DATA TO EXAMINE Block Start

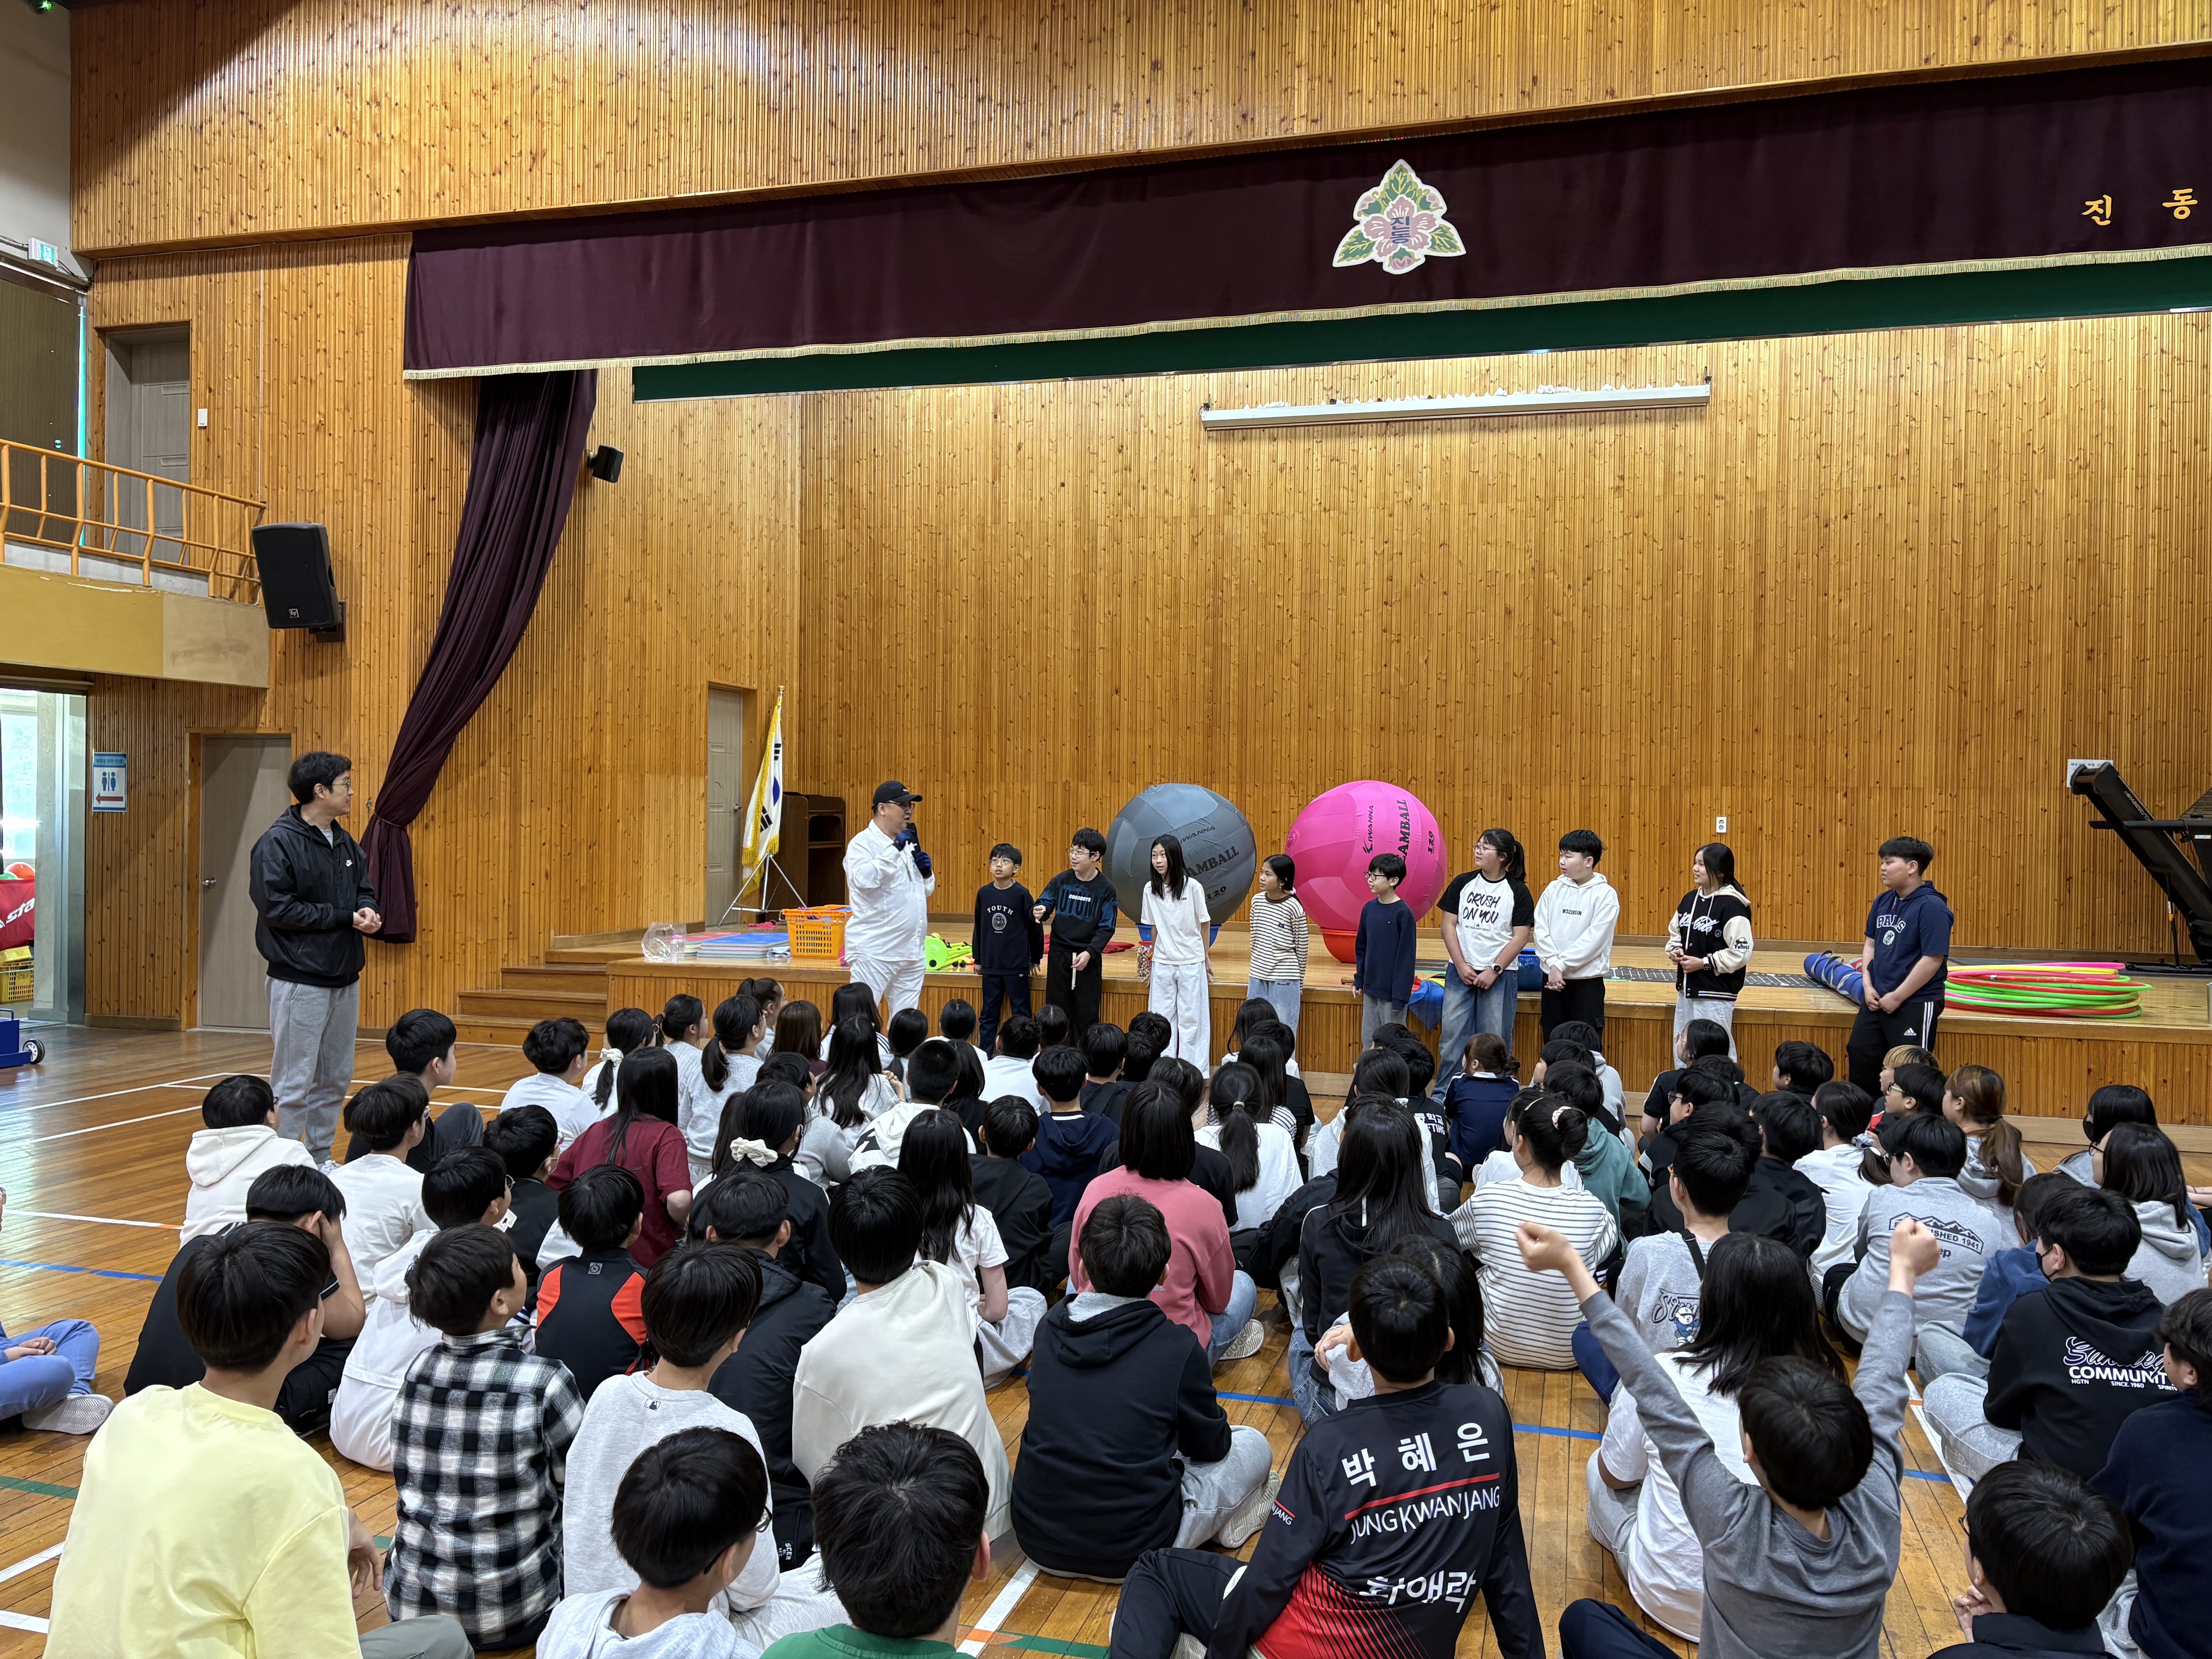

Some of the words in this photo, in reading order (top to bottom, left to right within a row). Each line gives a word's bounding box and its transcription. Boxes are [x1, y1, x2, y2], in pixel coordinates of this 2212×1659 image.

[1180, 826, 1216, 844] IWANNA
[1187, 846, 1239, 876] AMBALL
[1206, 886, 1226, 900] 120
[1467, 891, 1501, 908] CRUSH
[987, 905, 1013, 915] YOUTH
[1463, 906, 1479, 921] ON
[1479, 909, 1499, 924] YOU
[1962, 1238, 1979, 1250] 1941
[2069, 1366, 2172, 1386] COMMUNIT
[1350, 1486, 1500, 1545] JUNGKWANJANG
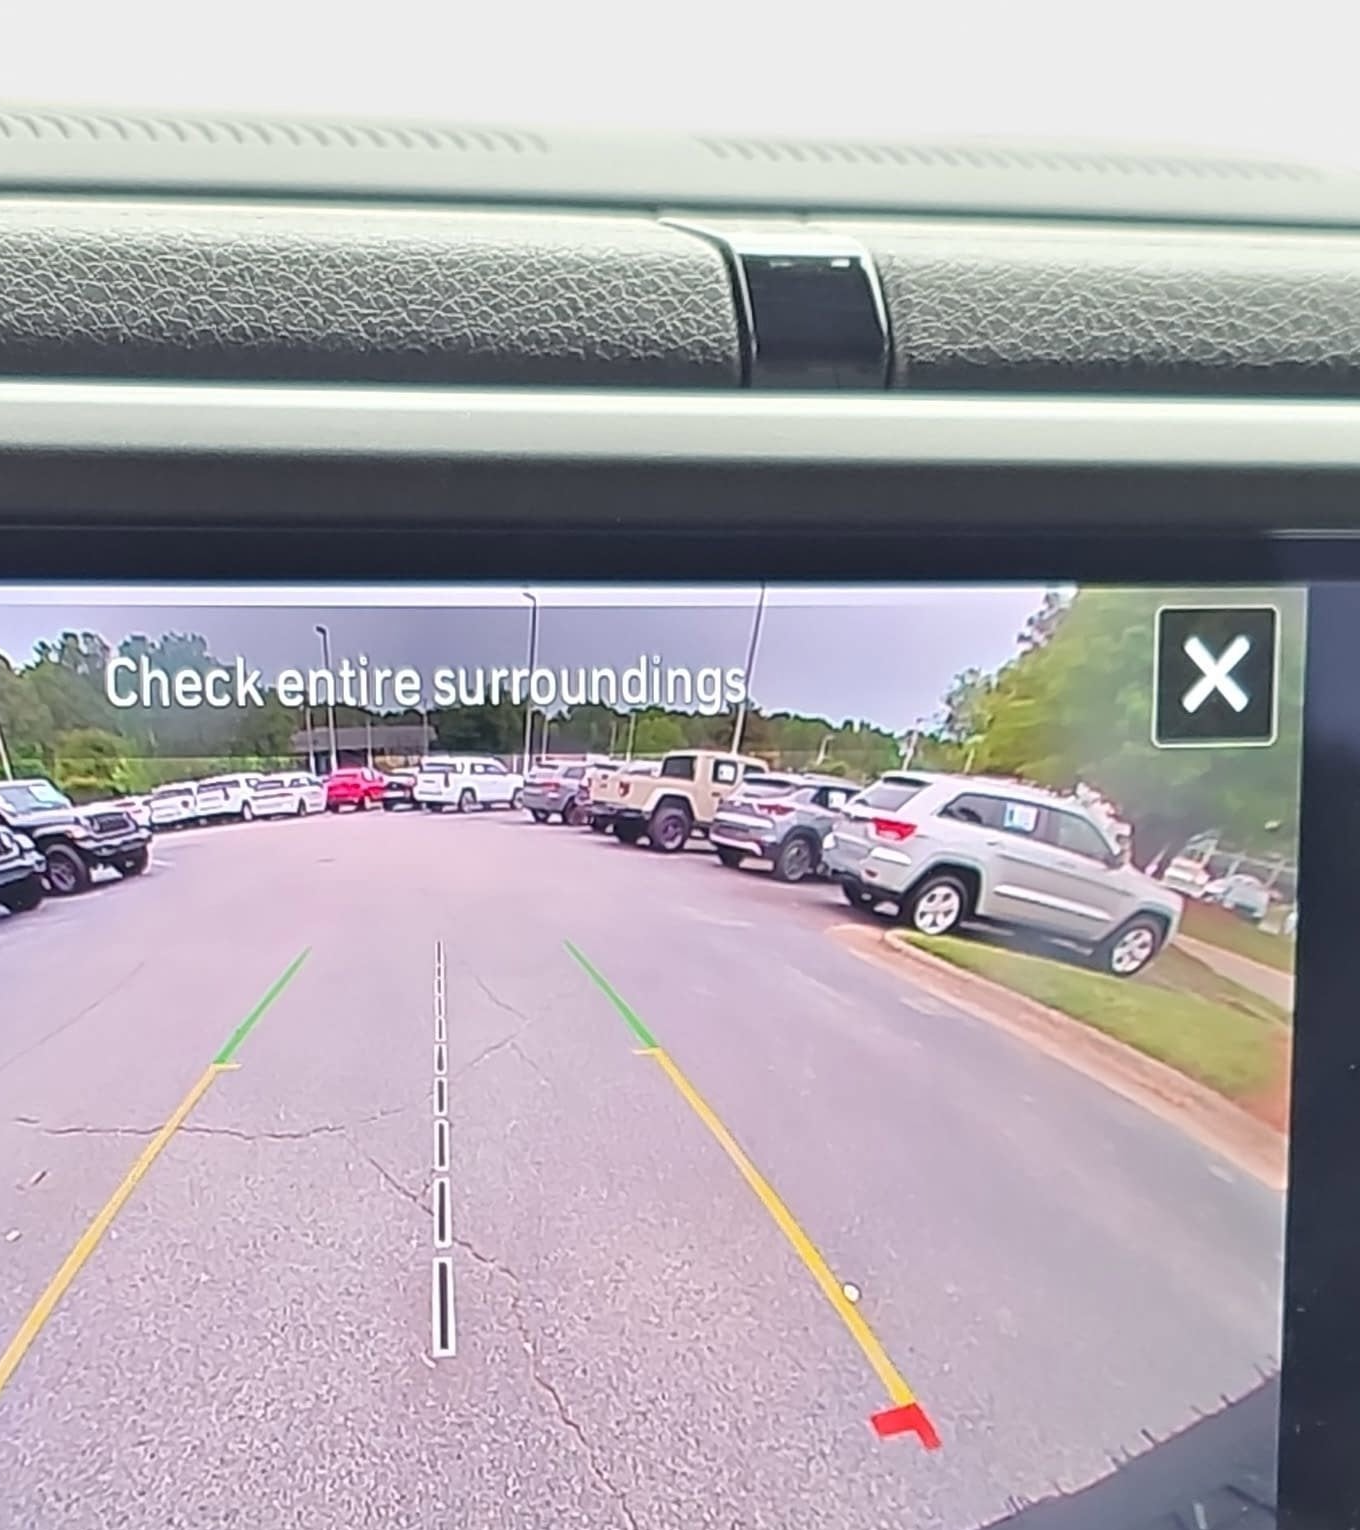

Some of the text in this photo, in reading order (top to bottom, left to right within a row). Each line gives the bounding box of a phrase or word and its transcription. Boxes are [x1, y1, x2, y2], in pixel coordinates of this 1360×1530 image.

[105, 654, 747, 716] Check entire surroundings
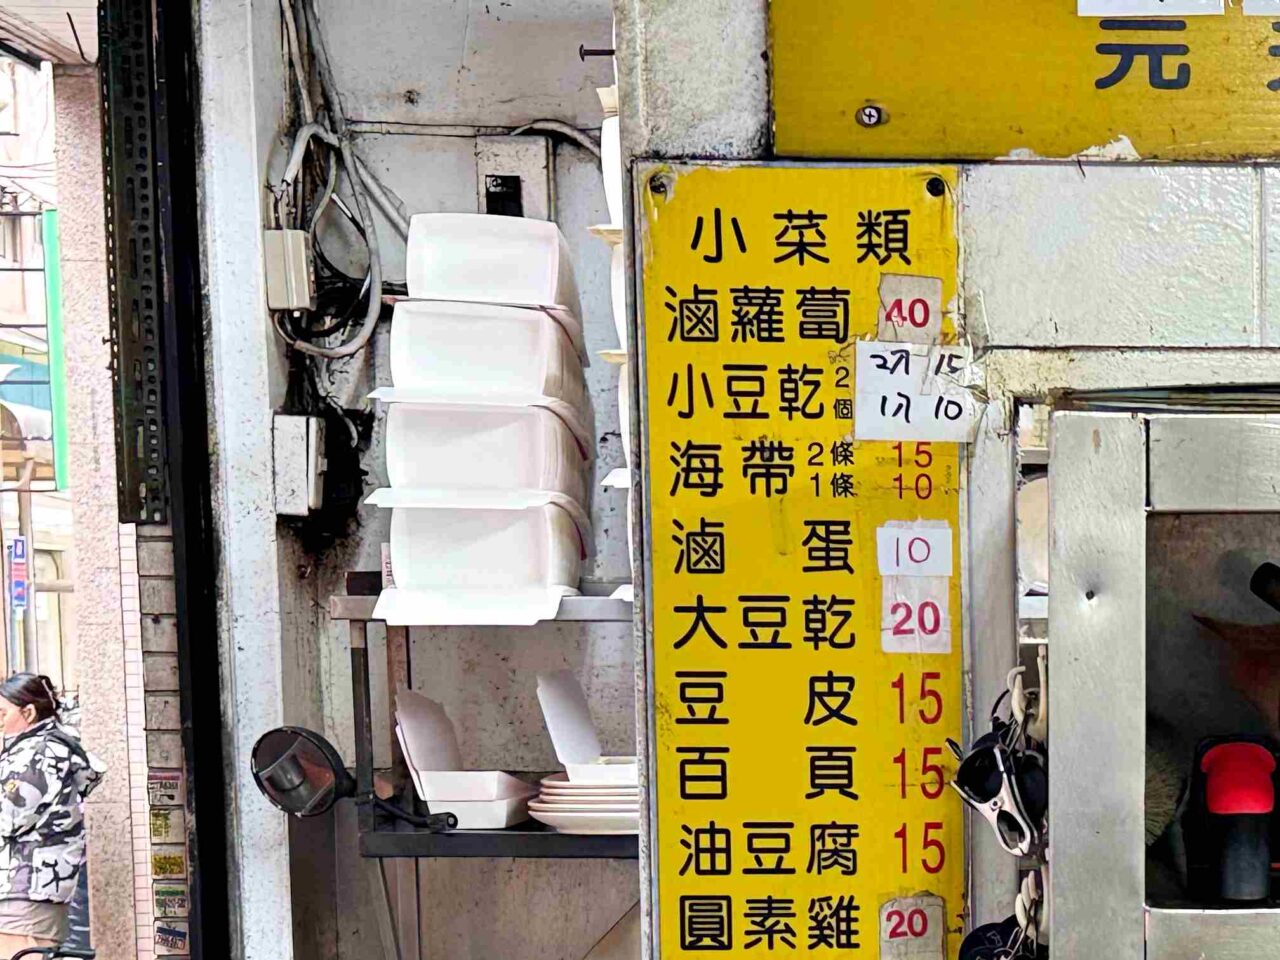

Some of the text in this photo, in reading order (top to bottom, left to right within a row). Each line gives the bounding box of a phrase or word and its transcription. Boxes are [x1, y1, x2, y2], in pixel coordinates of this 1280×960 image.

[1095, 19, 1191, 90] 元
[690, 207, 912, 266] 小菜類
[664, 284, 930, 344] 滷蘿蔔 40
[667, 363, 825, 421] 小豆乾
[934, 395, 964, 421] 10
[669, 439, 795, 498] 海帶
[892, 442, 933, 468] 15
[892, 474, 933, 500] 10
[895, 537, 931, 567] 10
[673, 594, 941, 651] 大豆乾 20
[675, 670, 943, 727] 豆皮 15
[893, 747, 945, 800] 15
[679, 820, 946, 877] 油豆腐 15
[679, 895, 929, 950] 圓素雞 20
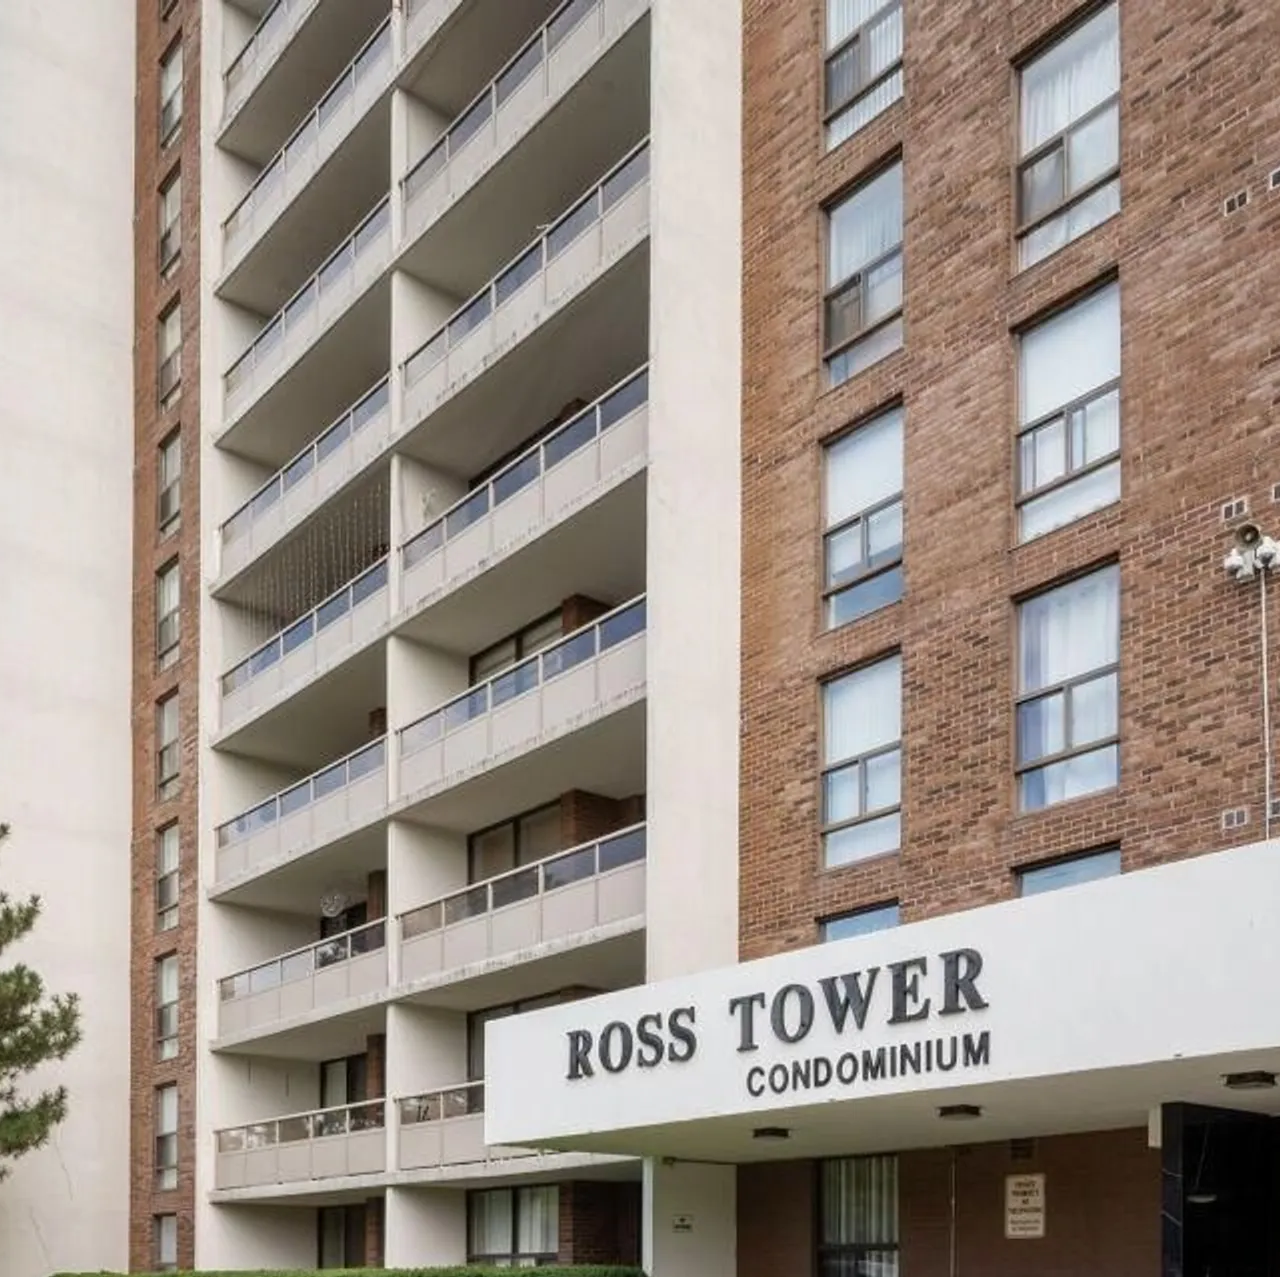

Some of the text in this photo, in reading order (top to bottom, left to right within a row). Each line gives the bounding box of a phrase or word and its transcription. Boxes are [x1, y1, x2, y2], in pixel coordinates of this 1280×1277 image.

[566, 947, 989, 1080] ROSS TOWER
[746, 1030, 991, 1097] CONDOMINIUM

DATA TO EXAMINE Block End

### WHAT YOU WILL DO:
Take the line that holds "this 1280×1277 image." as the first line and the last line of the data as the final one. Retype everything between, both included, exactly.

### FINISHED EXERCISE:
Some of the text in this photo, in reading order (top to bottom, left to right within a row). Each line gives the bounding box of a phrase or word and its transcription. Boxes are [x1, y1, x2, y2], in pixel coordinates of this 1280×1277 image.

[566, 947, 989, 1080] ROSS TOWER
[746, 1030, 991, 1097] CONDOMINIUM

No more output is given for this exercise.